<<<<

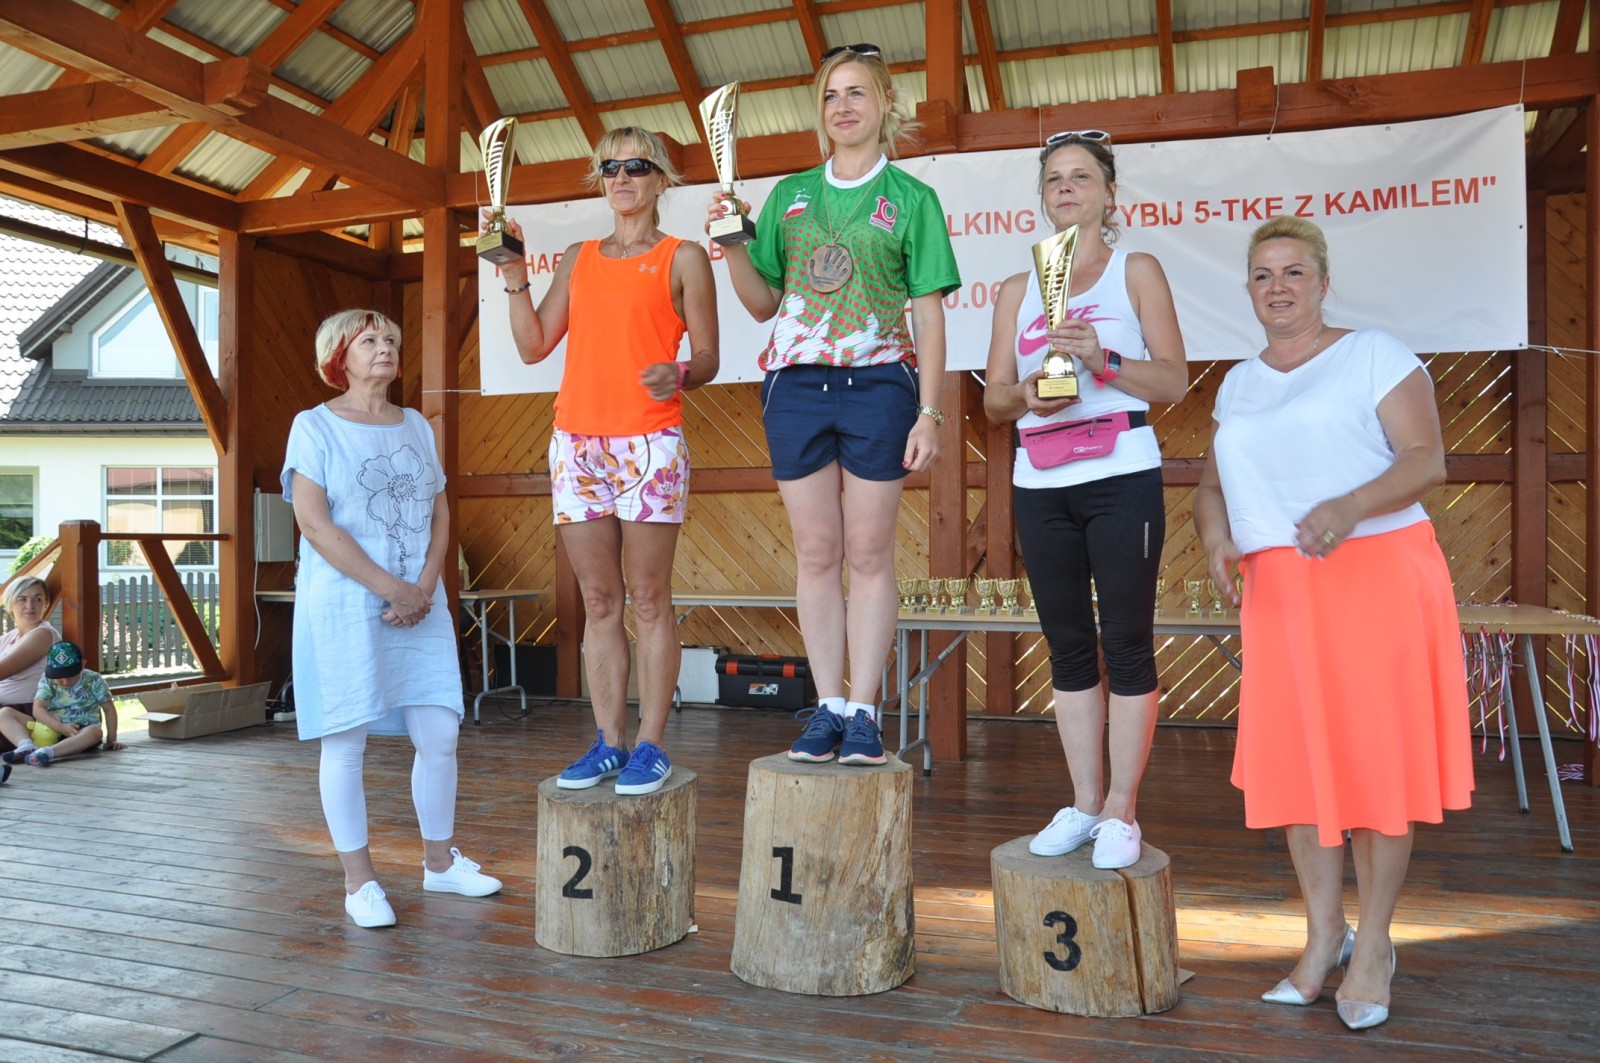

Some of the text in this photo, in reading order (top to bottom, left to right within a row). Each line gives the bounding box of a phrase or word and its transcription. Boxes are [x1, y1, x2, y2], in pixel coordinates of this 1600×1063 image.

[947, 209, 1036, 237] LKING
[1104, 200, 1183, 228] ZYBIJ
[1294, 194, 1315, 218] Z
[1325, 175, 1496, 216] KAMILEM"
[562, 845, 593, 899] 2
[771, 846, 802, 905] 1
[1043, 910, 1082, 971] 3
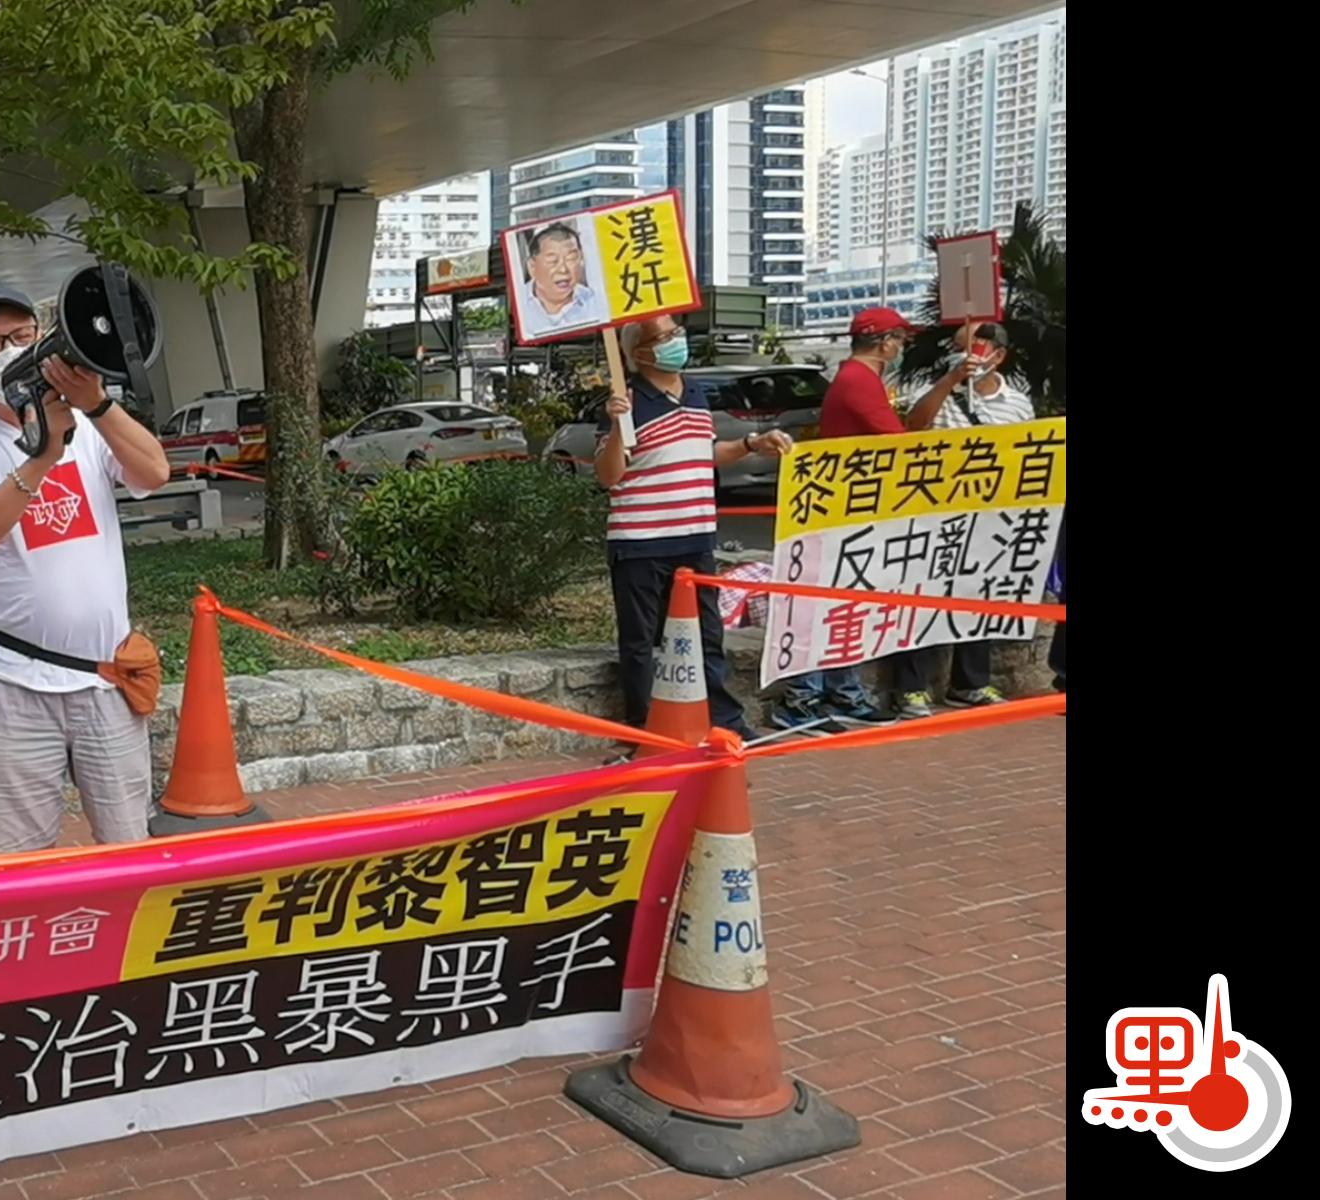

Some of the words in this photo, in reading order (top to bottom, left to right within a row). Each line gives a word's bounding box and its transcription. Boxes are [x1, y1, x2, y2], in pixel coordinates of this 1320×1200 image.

>>>>

# Task goal
Retype each entry exactly. No pictures.

# Solution to the exercise
Some of the text in this photo, in reading order (top to bottom, left to right within a row). Each line gives the bounding box of a phrase or word and its transcription. Boxes are [x1, y1, x2, y2], in pixel coordinates of this 1600×1063 image.

[947, 209, 1036, 237] LKING
[1104, 200, 1183, 228] ZYBIJ
[1294, 194, 1315, 218] Z
[1325, 175, 1496, 216] KAMILEM"
[562, 845, 593, 899] 2
[771, 846, 802, 905] 1
[1043, 910, 1082, 971] 3

Some of the words in this photo, in reading order (top to bottom, left to right within a row). Each line gives a word's bounding box and its transcription. Boxes are [x1, y1, x2, y2], in pixel coordinates of this 1320×1200 image.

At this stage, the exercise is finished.